Do You Ever Wish...

Sometimes I wish that I could completely open myself up and love freely with my whole being.  You know, the type of love that you have with your VERY 1st love, the one where you just know that you are never gonna get hurt and you are just certain that it will never, ever end??

My fiance and I have known each other 6 years, and we have been dating for 1 year.  3 years ago, I was hurt pretty bad by a man whom I thought was the love of my life.  My fiance now and I started talking last night, and he brought up some points that are totally valid. 

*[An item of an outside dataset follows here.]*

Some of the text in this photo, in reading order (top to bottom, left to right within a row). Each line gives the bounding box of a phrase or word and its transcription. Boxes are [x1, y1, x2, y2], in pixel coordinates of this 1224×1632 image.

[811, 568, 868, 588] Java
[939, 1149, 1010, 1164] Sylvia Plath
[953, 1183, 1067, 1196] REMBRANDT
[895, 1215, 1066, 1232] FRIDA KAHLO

I love my fiance, trust me.  Love him more than anything, but somehow, I can't give him ALL of me.  It is just like my heart is just imprisoned, and that just isn't fair to him.  It is so weird, but I just can't seem to shake this.  I wish that I could love him openly, freely, just as he definitely deserves- just like that first love.  Before a broken heart and a broken spirit, before reality took hold of things.  I want to love without this irrational fear that something is always going to go wrong......

Is this possible??  I know everyone reading this thinks I am totally mental, but really, does anyone else deal with this??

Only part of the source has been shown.